Quatrième jour de festival. Le Mexique au centre des débats, avec la sombre vision de plusieurs auteurs sur la situation difficile que traverse leur pays, terreau fertile à la création noire.
Un cri de rage, de désespoir, mais aussi une véritable déclaration d’amour. Voilà comment on peut interpréter le geste de la colonie mexicaine du festival hier quand, à la fin de la présentation du livre Marca de sangre, de Hector de Mauleón, une remarquable enquête sur le narco au Mexique, plusieurs de ses représentants sont montés sur scène pour brandir une pancarte sur laquelle on pouvait lire : No + sangre (plus de sang). Marina Taibo, la fille de Paco Taibo, arborait même un tee shirt avec ce slogan tout au long de la journée. Un tee shirt qui sera mis aux enchères à la fin de la Semana Negra auprès des invités et journalistes tant ils sont nombreux ceux qui lui en ont réclamé un.

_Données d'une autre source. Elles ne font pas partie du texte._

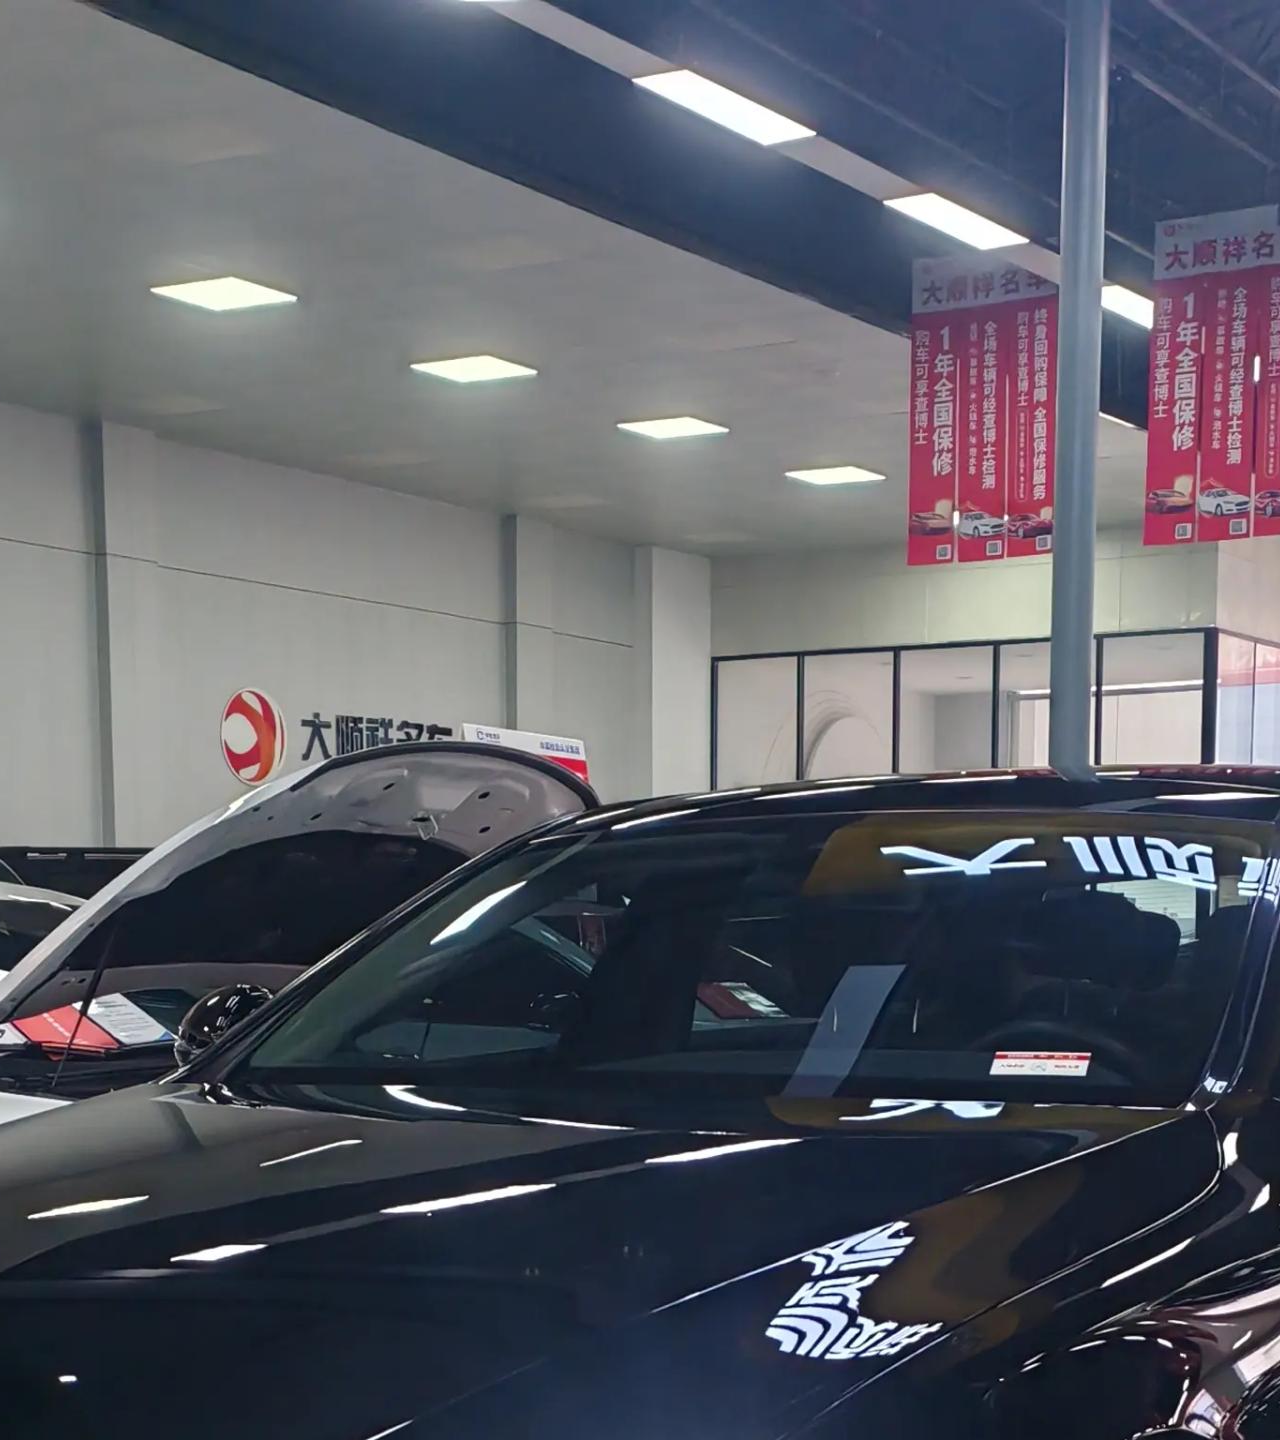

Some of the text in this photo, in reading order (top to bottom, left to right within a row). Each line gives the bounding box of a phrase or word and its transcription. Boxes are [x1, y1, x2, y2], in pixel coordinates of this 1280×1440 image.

[932, 326, 954, 477] 1年全国保修
[1172, 292, 1199, 452] 1年全国保修
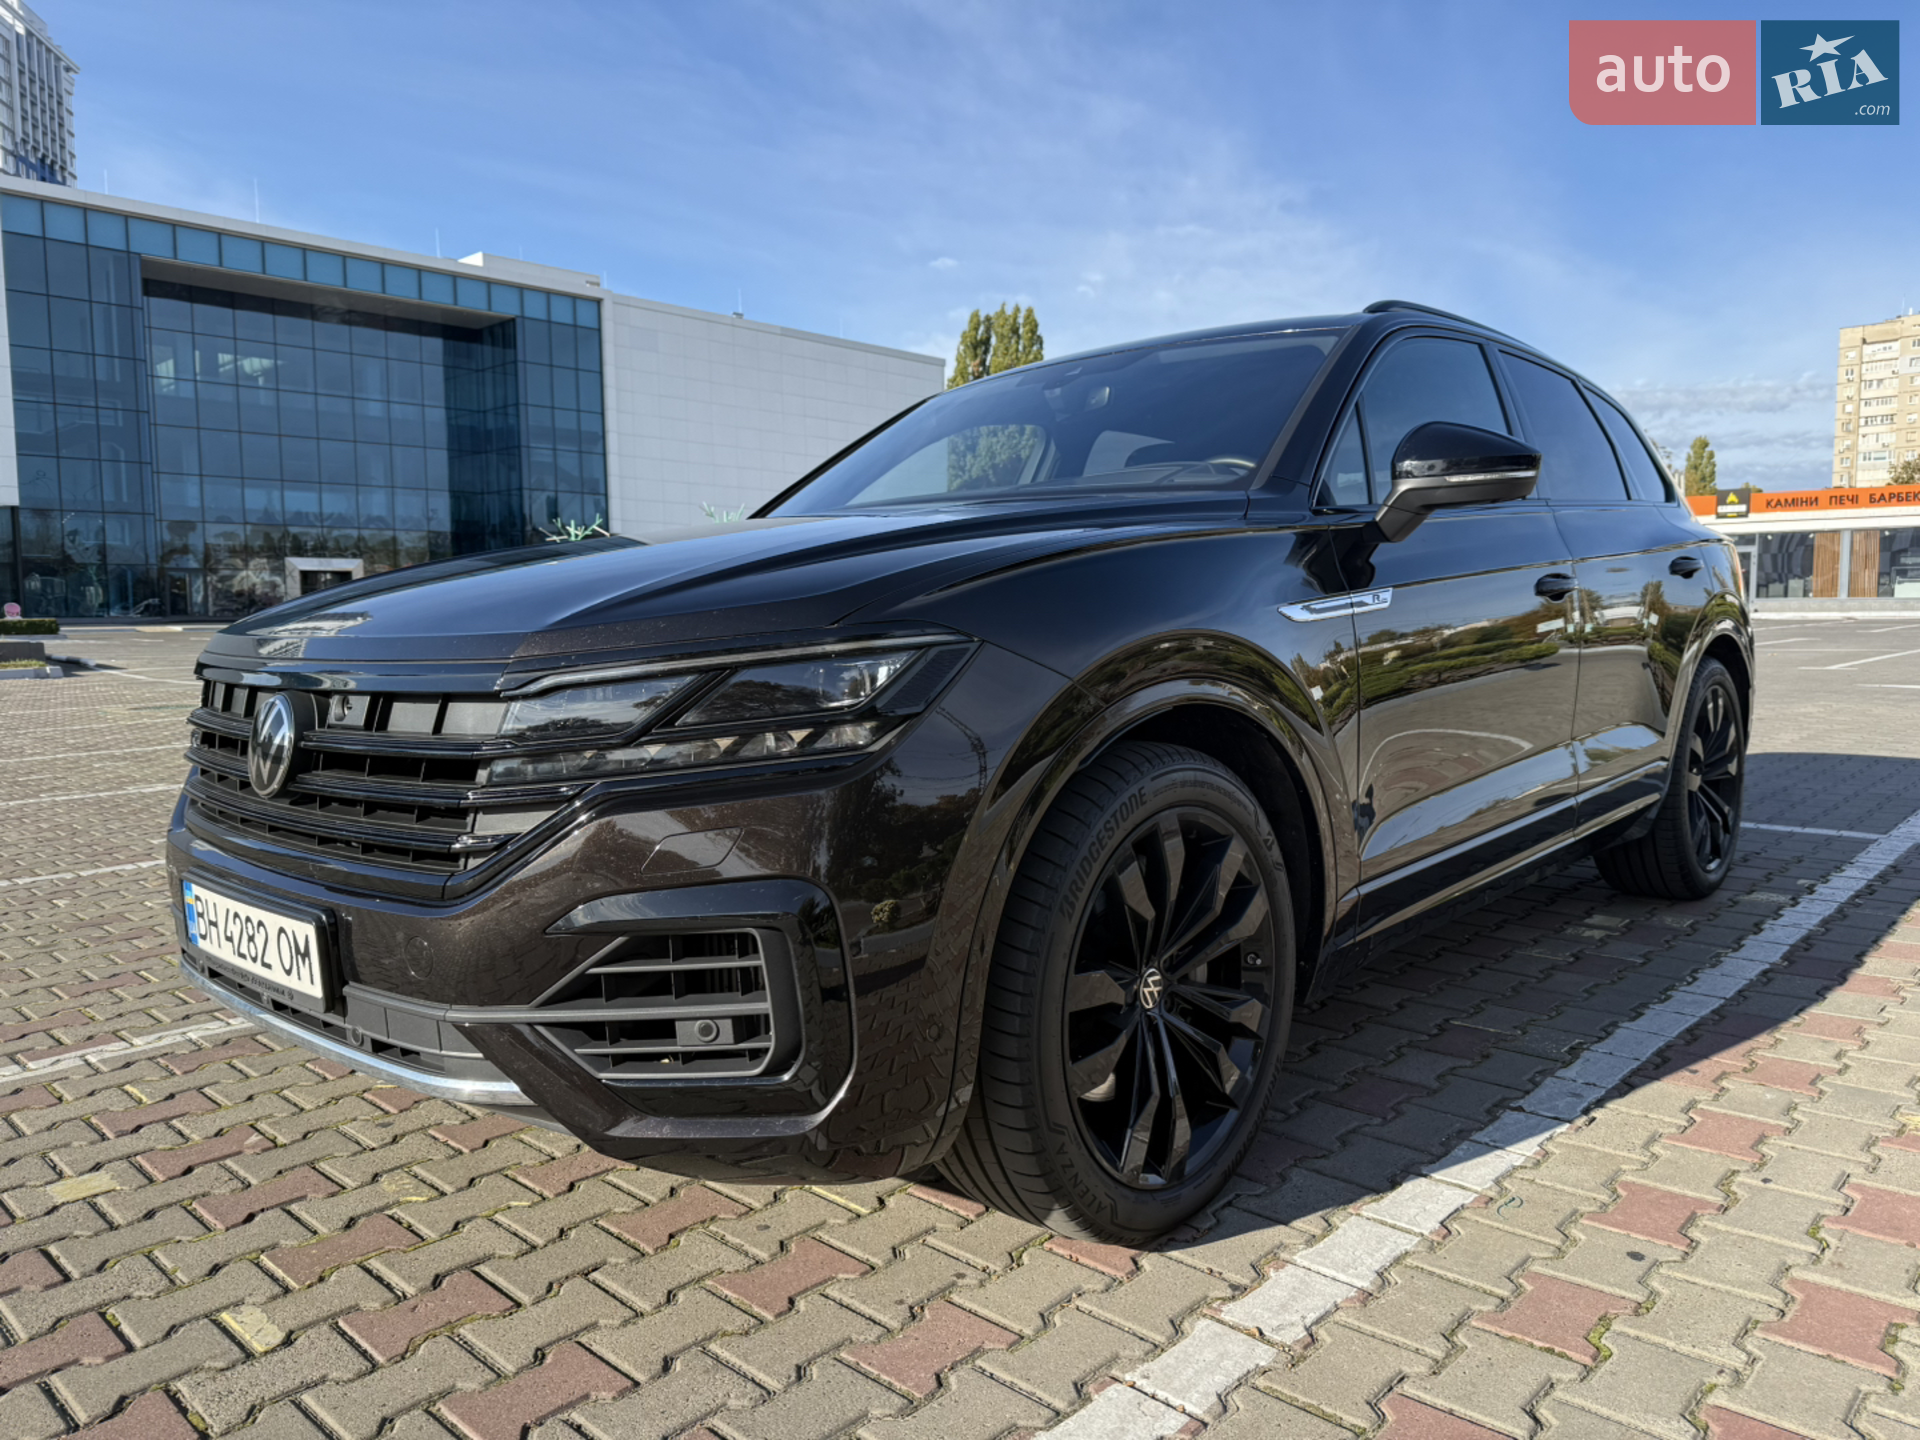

Une journée placée donc sous le signe du Mexique. Un pays qui vit aujourd’hui une véritable psychose, l’armée est dans la rue depuis que le président de la République, Felipe Calderón, a déclarer la guerre aux narcotrafiquants. Un chiffre parle de lui même : 50 000. C’est le nombre de morts comptablisés depuis qu’a démarré ce conflit en 2006. Un pays représenté par plusieurs auteurs durant ce festival (romanciers noirs, journalistes, auteurs de science-fiction). Outre le maître de cérémonie Taibo II (qui a présenté au public son roman d’aventures El retorno de los tigres de Malasia), sont venus avec leurs ouvrages sous le bras Hector de Mauleón et Luis Humberto Crosthwaite. Deux hommes qui ont choisi pour l’un l’enquête et l’analyse, pour l’autre le polar, pour nous donner à lire leur vision du pays. Quelques mots sur Tjuana, crimen y olvido (Tijuana, le crime et l’oubli), de Crosthwaite. C’est Fritz Glockner, professeur, auteur et libraire mexicain qui a animé la rencontre. « C’est un livre qui me fait mal, il s’agit du seul texte littéraire qui nous raconte ce que nous sommes en train de vivre », dit-il. L’histoire d’une journaliste de Tijuana qui disparaît. S’ensuit une série d’évènements qui permettent de saisir, grâce à l’écriture fluide qui tend vers la Fantaisy, les multiples visages du narco. « Nous vivons dans un pays dans lequel il n’y a pas de réponses, mais que des questions », affirme l’écrivain qui vit à San Diego, de l’autre côté de la frontière. Pour autant, « le Mexique n’est pas un champ de bataille » s’emporte-t-il. « Les autorités nous accusent moi et les autres de dire du mal du pays, mais c’est faux, on dit du mal d’elles, qui ne font rien pour trouver une solution. En ont-elles même la volonté ? J’en doute. »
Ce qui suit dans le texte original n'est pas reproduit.